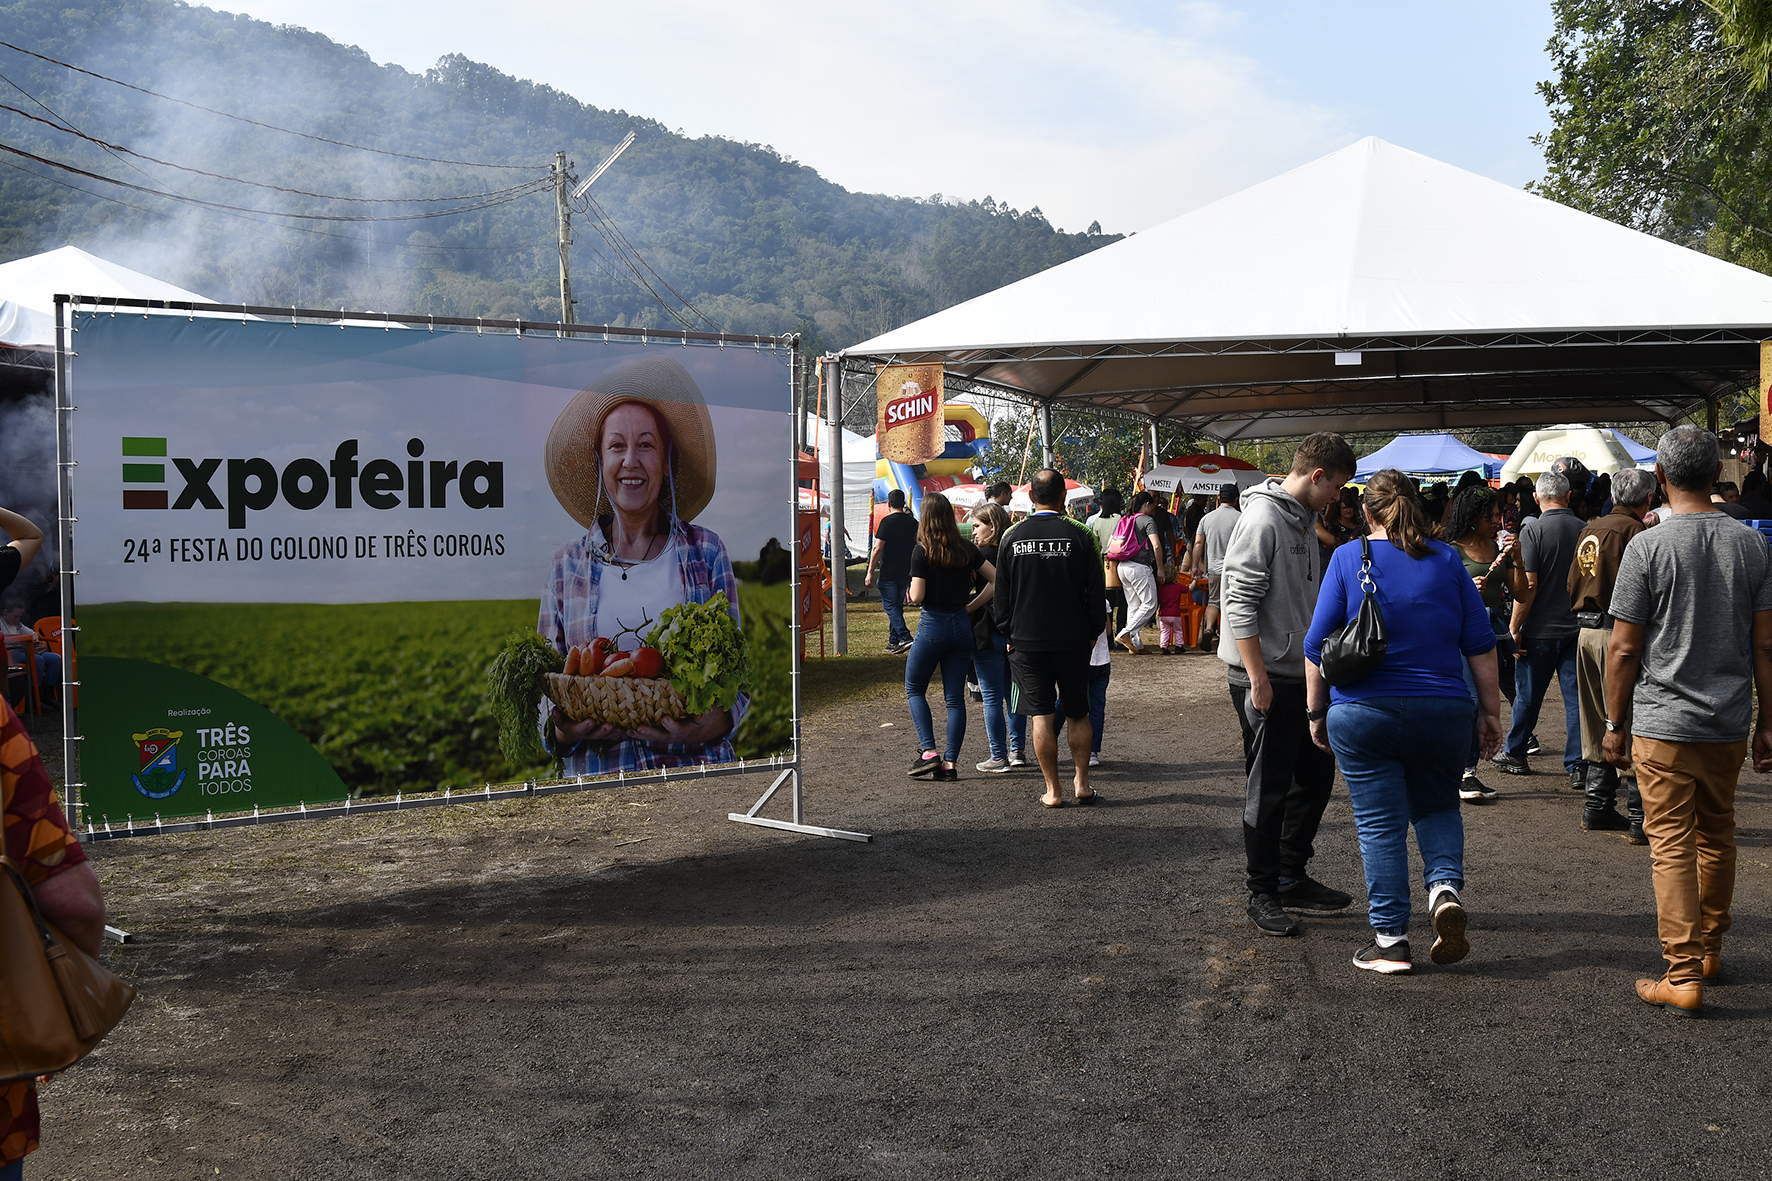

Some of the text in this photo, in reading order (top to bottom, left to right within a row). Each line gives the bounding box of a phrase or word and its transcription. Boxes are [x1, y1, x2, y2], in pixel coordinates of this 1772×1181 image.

[888, 395, 932, 423] SCHIN
[122, 437, 504, 529] Expofeira
[1150, 479, 1172, 489] AMSTEL
[123, 530, 505, 563] 24ª FESTA DO COLONO DE TRÊS COROAS
[1012, 541, 1035, 554] Tchê!
[167, 707, 212, 717] Realização
[196, 722, 251, 748] TRÊS
[197, 747, 251, 762] COROAS
[198, 759, 252, 780] PARA
[198, 778, 252, 796] TODOS

- _Task prompt_
Please copy the data above character for character, skipping any pictures.

- _The completed task_
Some of the text in this photo, in reading order (top to bottom, left to right within a row). Each line gives the bounding box of a phrase or word and its transcription. Boxes are [x1, y1, x2, y2], in pixel coordinates of this 1772×1181 image.

[888, 395, 932, 423] SCHIN
[122, 437, 504, 529] Expofeira
[1150, 479, 1172, 489] AMSTEL
[123, 530, 505, 563] 24ª FESTA DO COLONO DE TRÊS COROAS
[1012, 541, 1035, 554] Tchê!
[167, 707, 212, 717] Realização
[196, 722, 251, 748] TRÊS
[197, 747, 251, 762] COROAS
[198, 759, 252, 780] PARA
[198, 778, 252, 796] TODOS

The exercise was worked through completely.